Among image processing devices not according to the above embodiment, there is an image processing device in which once a transition from the first power state to the second power state is made, a transition back to the first power state is inhibited until a user becomes undetectable by a human detection sensor, which prevents the phenomenon that a user being about to leave the image processing device is detected by the human detection sensor and, thus, the image processing device returns to the first power state. However, in this image processing device not according to the above embodiment, even if a different user comes close to the image processing device just after a previous user has left it and the human detection sensor detects the different user, the image processing device is held in the second power state without being set to the first power state and, therefore, the different user cannot operate the image processing device to use it normally.
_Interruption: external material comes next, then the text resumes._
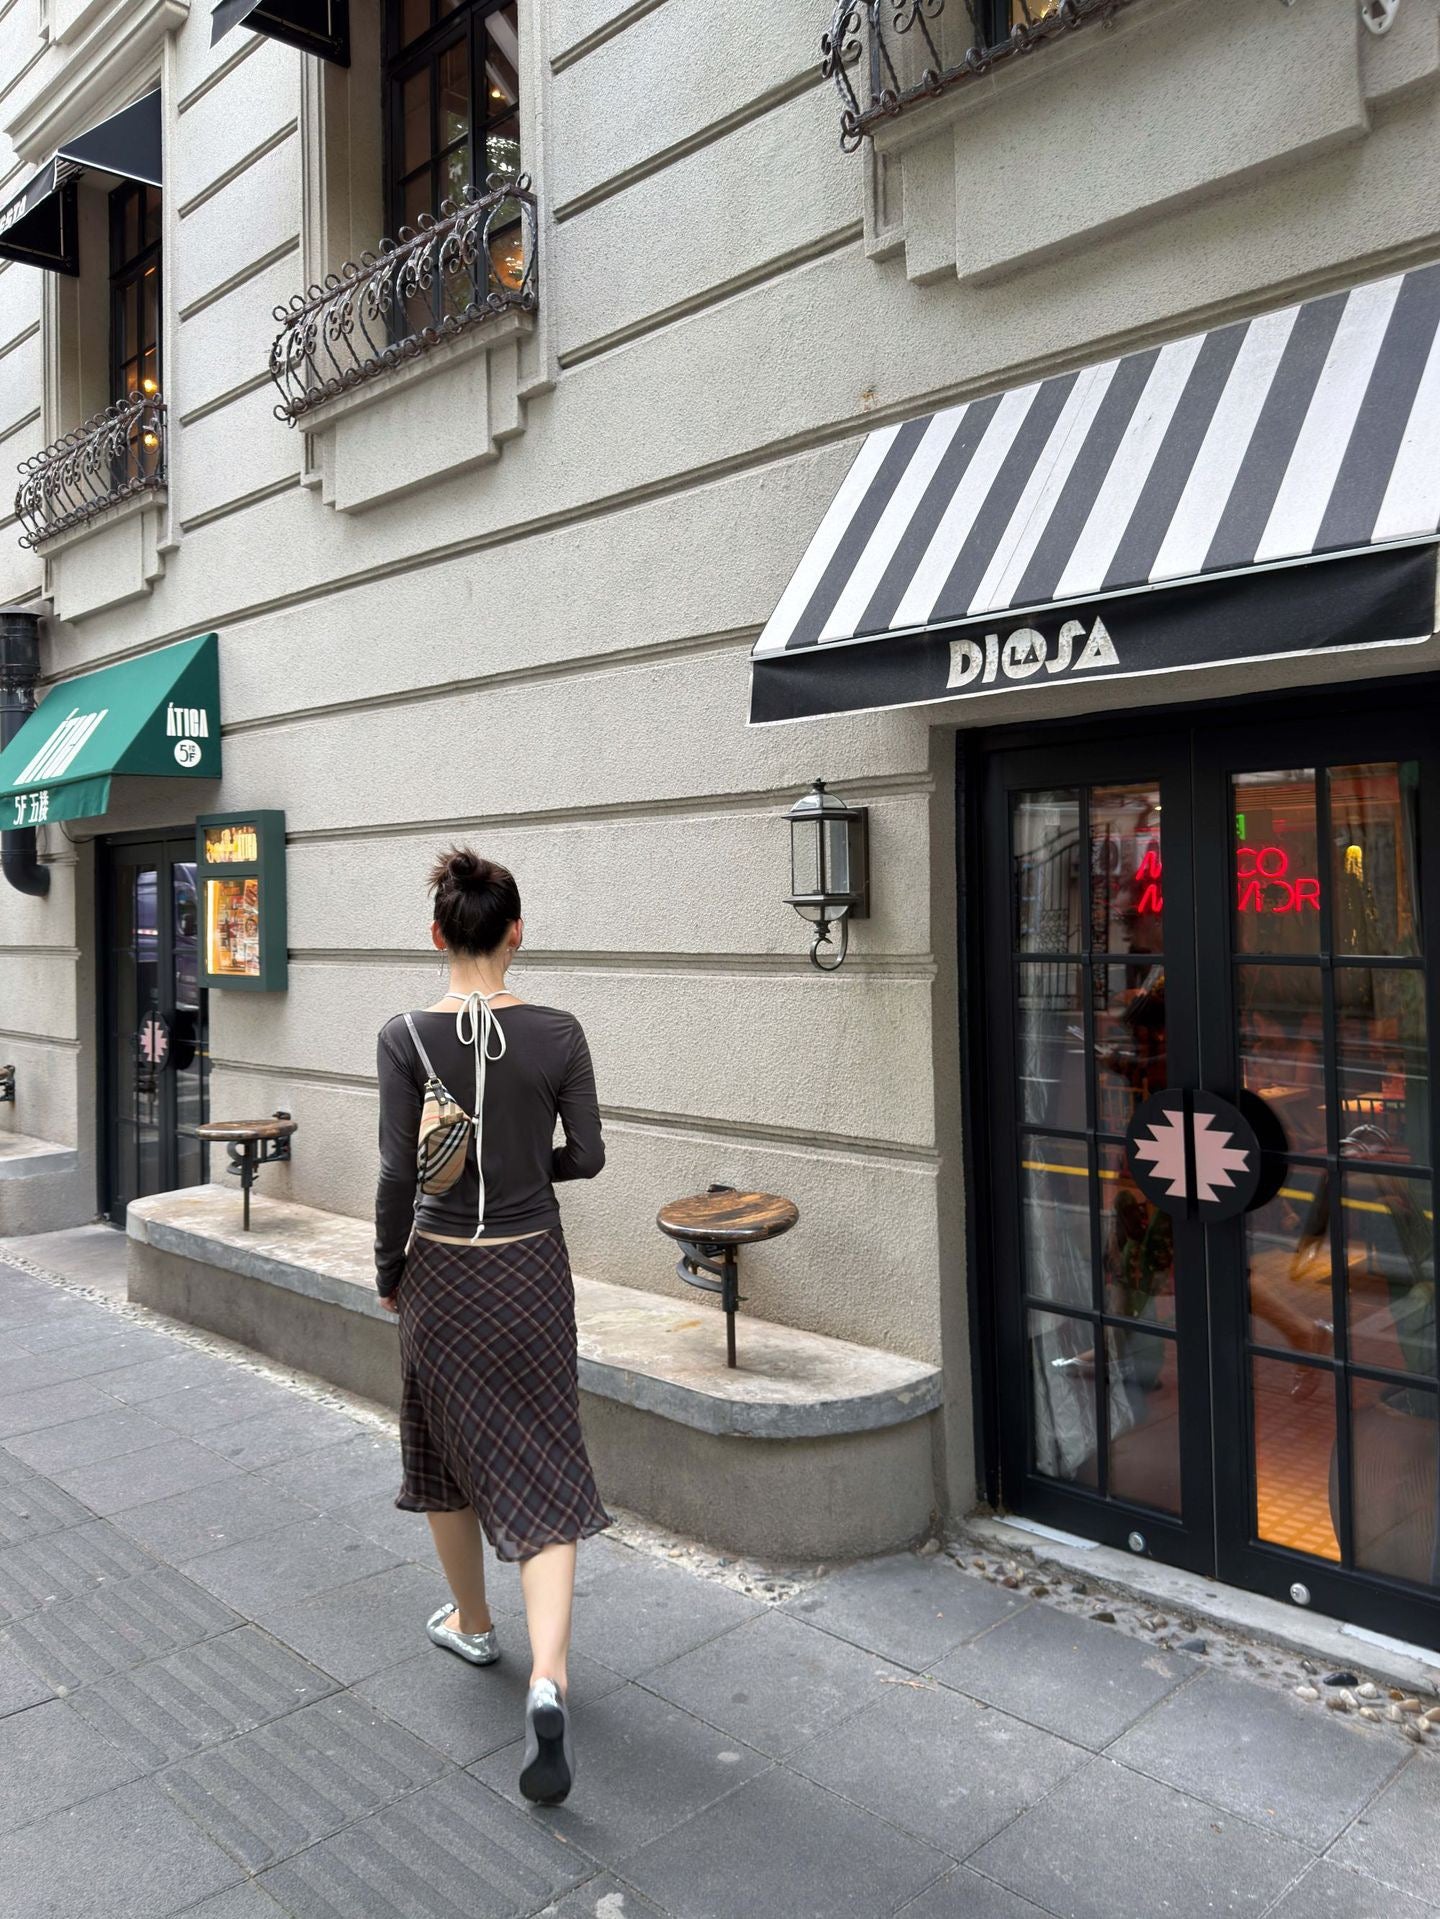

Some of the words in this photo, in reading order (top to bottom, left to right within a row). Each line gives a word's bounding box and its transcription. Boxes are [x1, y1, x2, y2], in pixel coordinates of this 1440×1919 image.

[946, 615, 1120, 688] DIOSA
[1009, 643, 1040, 667] LA
[166, 702, 209, 738] ÁTICA
If a human detection sensor capable of distinguishing between user's approaching and leaving the image processing device is adopted, a user leaving the device can be distinguished from another user approaching the device and the first power state or the second power state may be able to be appropriately set. However, the adoption of such a high-performance human detection sensor increases the cost.

Unlike these conventional techniques, in the above embodiment, the power state of the device can be switched to a state appropriate to the user without use of a high-performance human detection sensor.

The structures, configurations, and processing of the above embodiment and modification described with reference to FIGS. 1 to 7 are merely illustrative and are not intended to limit the present disclosure to them.

While the present disclosure has been described in detail with reference to the embodiments thereof, it would be apparent to those skilled in the art that the various changes and modifications may be made therein within the scope defined by the appended claims.